■ Work task:
Your answer should contain each record from the listing, repeated exactly.

■ Records shown:
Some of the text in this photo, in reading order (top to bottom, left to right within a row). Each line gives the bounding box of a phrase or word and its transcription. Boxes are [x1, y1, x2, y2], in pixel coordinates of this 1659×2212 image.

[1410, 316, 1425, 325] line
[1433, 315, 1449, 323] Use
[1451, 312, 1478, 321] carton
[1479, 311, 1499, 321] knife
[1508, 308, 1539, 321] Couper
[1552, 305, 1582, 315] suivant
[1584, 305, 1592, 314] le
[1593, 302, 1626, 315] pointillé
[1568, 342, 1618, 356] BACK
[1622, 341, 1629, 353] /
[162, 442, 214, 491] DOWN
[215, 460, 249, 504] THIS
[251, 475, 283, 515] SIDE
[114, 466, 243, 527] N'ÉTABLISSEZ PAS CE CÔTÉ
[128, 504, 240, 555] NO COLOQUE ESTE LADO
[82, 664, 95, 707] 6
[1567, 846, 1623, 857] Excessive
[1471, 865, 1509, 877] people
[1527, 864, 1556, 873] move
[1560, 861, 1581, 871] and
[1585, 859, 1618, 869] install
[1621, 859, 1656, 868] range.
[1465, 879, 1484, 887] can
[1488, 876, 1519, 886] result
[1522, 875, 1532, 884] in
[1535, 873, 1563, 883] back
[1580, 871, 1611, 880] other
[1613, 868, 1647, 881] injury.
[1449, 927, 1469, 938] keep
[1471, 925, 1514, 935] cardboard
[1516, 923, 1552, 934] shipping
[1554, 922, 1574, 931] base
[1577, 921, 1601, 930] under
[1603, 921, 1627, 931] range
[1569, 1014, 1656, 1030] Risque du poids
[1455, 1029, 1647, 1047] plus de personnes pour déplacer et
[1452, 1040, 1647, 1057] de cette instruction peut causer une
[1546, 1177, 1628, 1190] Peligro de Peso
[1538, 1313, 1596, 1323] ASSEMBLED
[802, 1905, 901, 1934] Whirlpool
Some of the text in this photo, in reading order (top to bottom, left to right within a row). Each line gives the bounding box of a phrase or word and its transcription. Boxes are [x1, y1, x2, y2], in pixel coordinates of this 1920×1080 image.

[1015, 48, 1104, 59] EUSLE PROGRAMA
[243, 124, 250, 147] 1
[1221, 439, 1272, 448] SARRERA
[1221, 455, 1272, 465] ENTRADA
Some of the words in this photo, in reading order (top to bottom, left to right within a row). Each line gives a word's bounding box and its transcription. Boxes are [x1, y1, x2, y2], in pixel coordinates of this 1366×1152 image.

■ Answer to the exercise:
Some of the text in this photo, in reading order (top to bottom, left to right within a row). Each line gives the bounding box of a phrase or word and its transcription. Boxes are [x1, y1, x2, y2], in pixel coordinates of this 1659×2212 image.

[1410, 316, 1425, 325] line
[1433, 315, 1449, 323] Use
[1451, 312, 1478, 321] carton
[1479, 311, 1499, 321] knife
[1508, 308, 1539, 321] Couper
[1552, 305, 1582, 315] suivant
[1584, 305, 1592, 314] le
[1593, 302, 1626, 315] pointillé
[1568, 342, 1618, 356] BACK
[1622, 341, 1629, 353] /
[162, 442, 214, 491] DOWN
[215, 460, 249, 504] THIS
[251, 475, 283, 515] SIDE
[114, 466, 243, 527] N'ÉTABLISSEZ PAS CE CÔTÉ
[128, 504, 240, 555] NO COLOQUE ESTE LADO
[82, 664, 95, 707] 6
[1567, 846, 1623, 857] Excessive
[1471, 865, 1509, 877] people
[1527, 864, 1556, 873] move
[1560, 861, 1581, 871] and
[1585, 859, 1618, 869] install
[1621, 859, 1656, 868] range.
[1465, 879, 1484, 887] can
[1488, 876, 1519, 886] result
[1522, 875, 1532, 884] in
[1535, 873, 1563, 883] back
[1580, 871, 1611, 880] other
[1613, 868, 1647, 881] injury.
[1449, 927, 1469, 938] keep
[1471, 925, 1514, 935] cardboard
[1516, 923, 1552, 934] shipping
[1554, 922, 1574, 931] base
[1577, 921, 1601, 930] under
[1603, 921, 1627, 931] range
[1569, 1014, 1656, 1030] Risque du poids
[1455, 1029, 1647, 1047] plus de personnes pour déplacer et
[1452, 1040, 1647, 1057] de cette instruction peut causer une
[1546, 1177, 1628, 1190] Peligro de Peso
[1538, 1313, 1596, 1323] ASSEMBLED
[802, 1905, 901, 1934] Whirlpool
Some of the text in this photo, in reading order (top to bottom, left to right within a row). Each line gives the bounding box of a phrase or word and its transcription. Boxes are [x1, y1, x2, y2], in pixel coordinates of this 1920×1080 image.

[1015, 48, 1104, 59] EUSLE PROGRAMA
[243, 124, 250, 147] 1
[1221, 439, 1272, 448] SARRERA
[1221, 455, 1272, 465] ENTRADA
Some of the words in this photo, in reading order (top to bottom, left to right within a row). Each line gives a word's bounding box and its transcription. Boxes are [x1, y1, x2, y2], in pixel coordinates of this 1366×1152 image.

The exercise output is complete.